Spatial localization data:

····················

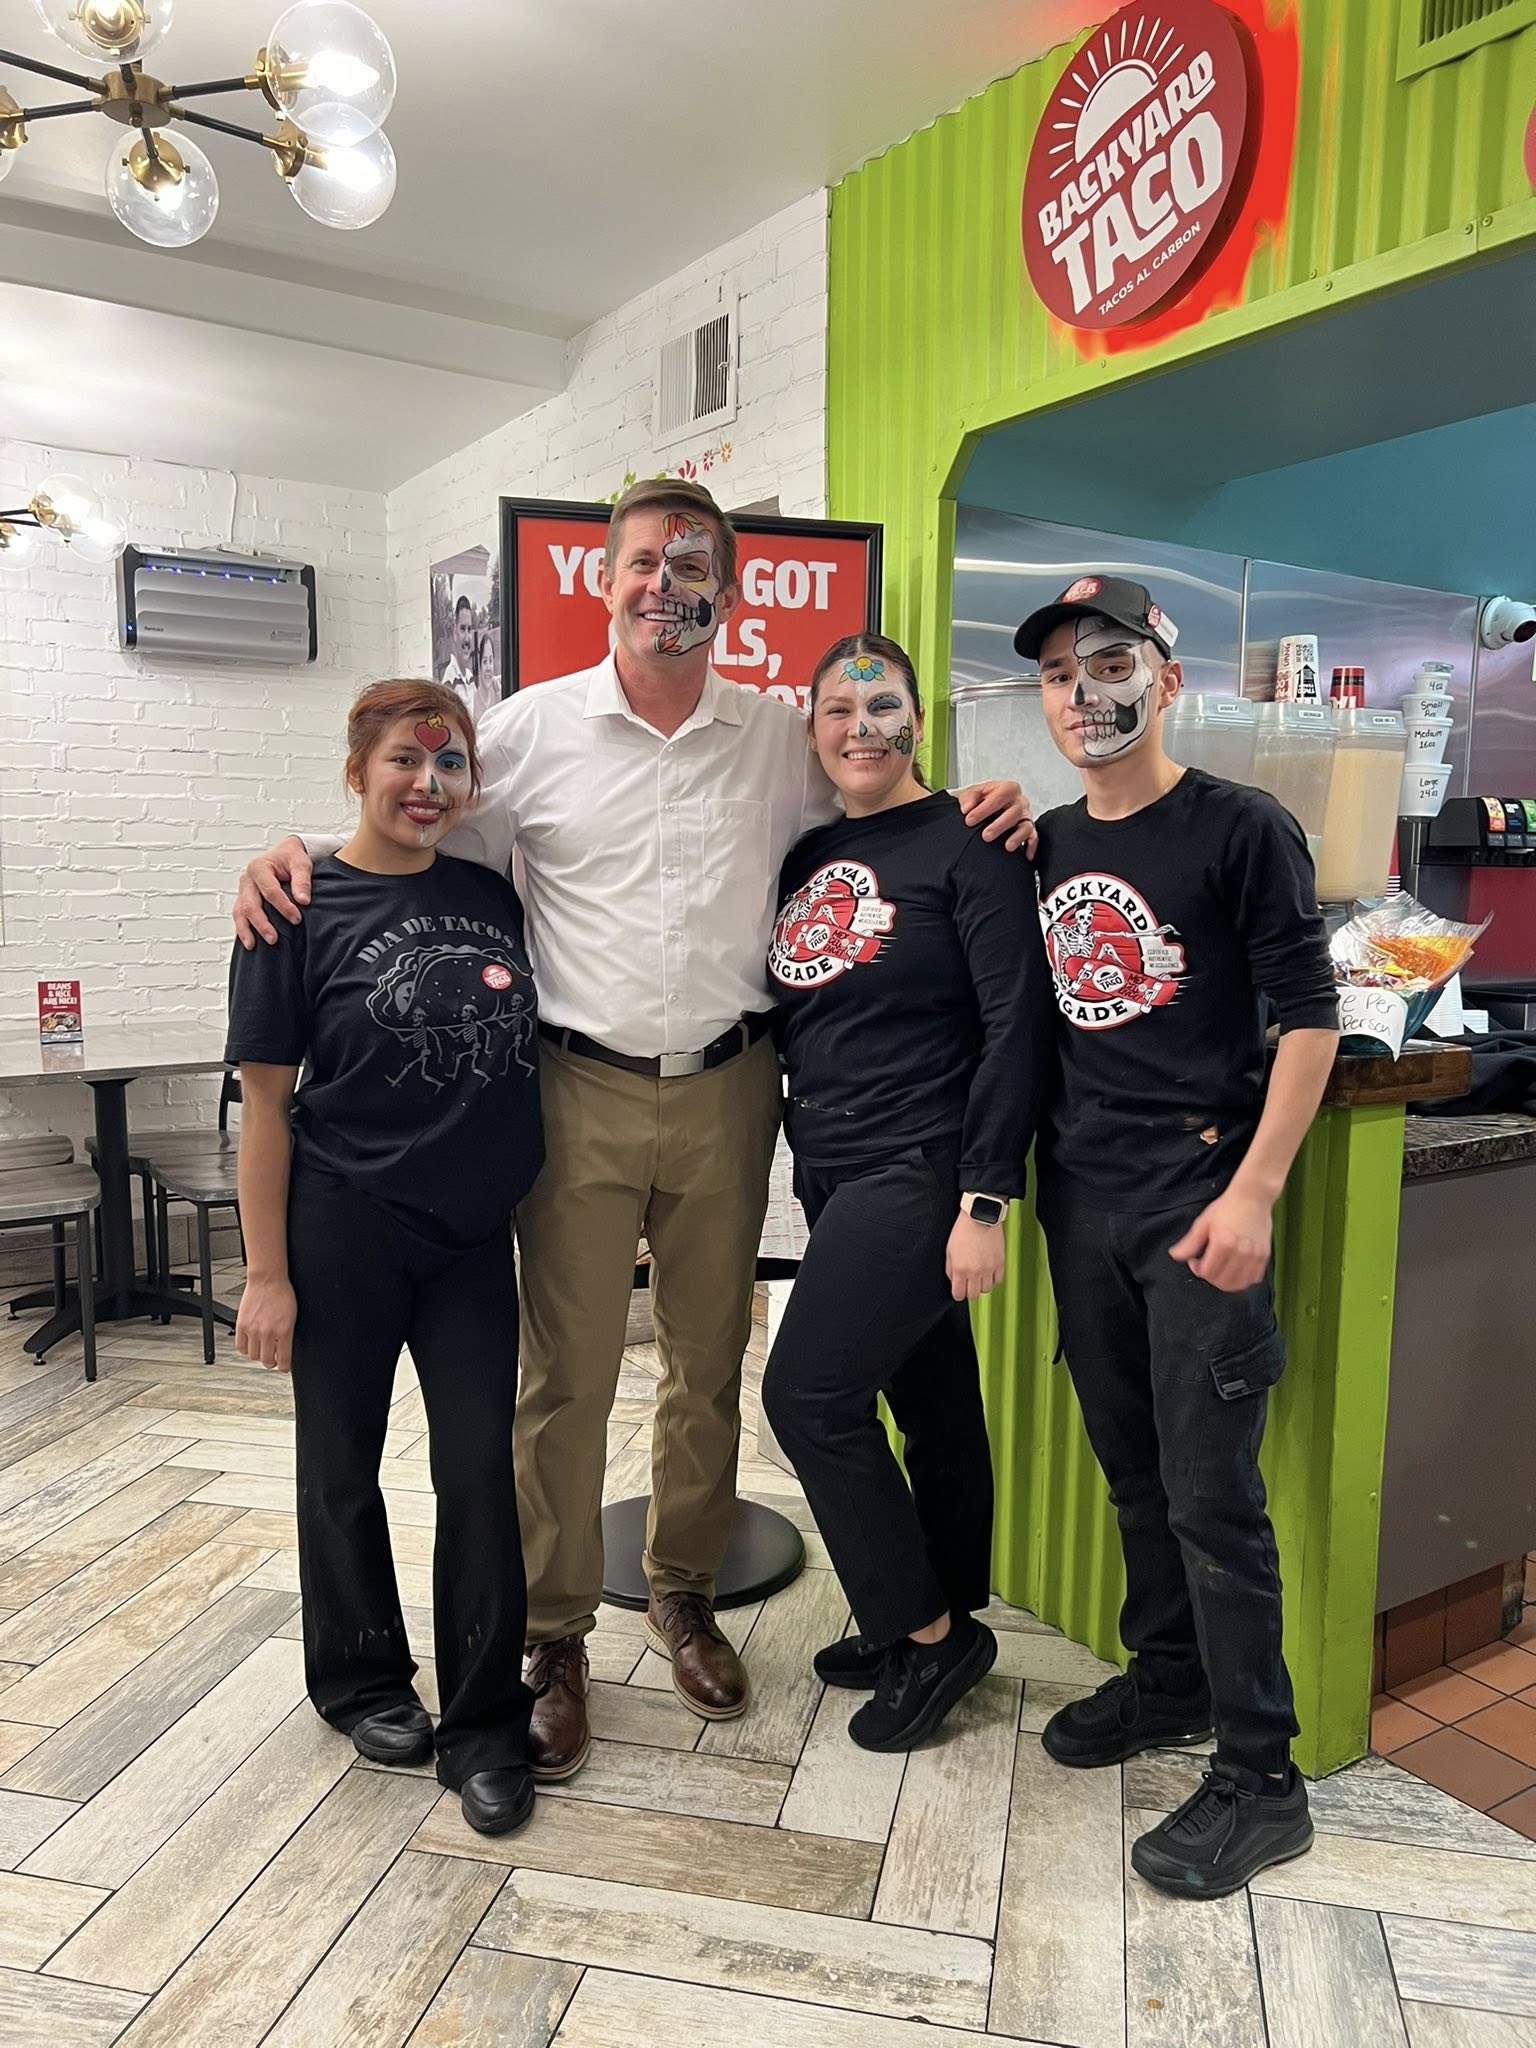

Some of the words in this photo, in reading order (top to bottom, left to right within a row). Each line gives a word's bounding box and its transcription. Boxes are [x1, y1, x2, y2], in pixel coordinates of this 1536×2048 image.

[1037, 51, 1216, 247] BACKYARD
[1051, 111, 1223, 315] TACO
[1099, 280, 1134, 315] TACOS
[1136, 268, 1152, 285] AL
[1152, 220, 1201, 270] CARBON
[742, 558, 838, 610] GOT
[1420, 700, 1443, 711] Small
[1419, 778, 1440, 789] Large
[356, 931, 404, 964] DIA
[402, 916, 436, 936] DE
[440, 916, 516, 949] TACOS
[1099, 976, 1123, 990] TACO

····················

EXERCISE REQUIREMENTS: Your task is an exact printout of the records above, with no pictures.

ANSWER TO THIS TASK:
Some of the words in this photo, in reading order (top to bottom, left to right within a row). Each line gives a word's bounding box and its transcription. Boxes are [x1, y1, x2, y2], in pixel coordinates of this 1536×2048 image.

[1037, 51, 1216, 247] BACKYARD
[1051, 111, 1223, 315] TACO
[1099, 280, 1134, 315] TACOS
[1136, 268, 1152, 285] AL
[1152, 220, 1201, 270] CARBON
[742, 558, 838, 610] GOT
[1420, 700, 1443, 711] Small
[1419, 778, 1440, 789] Large
[356, 931, 404, 964] DIA
[402, 916, 436, 936] DE
[440, 916, 516, 949] TACOS
[1099, 976, 1123, 990] TACO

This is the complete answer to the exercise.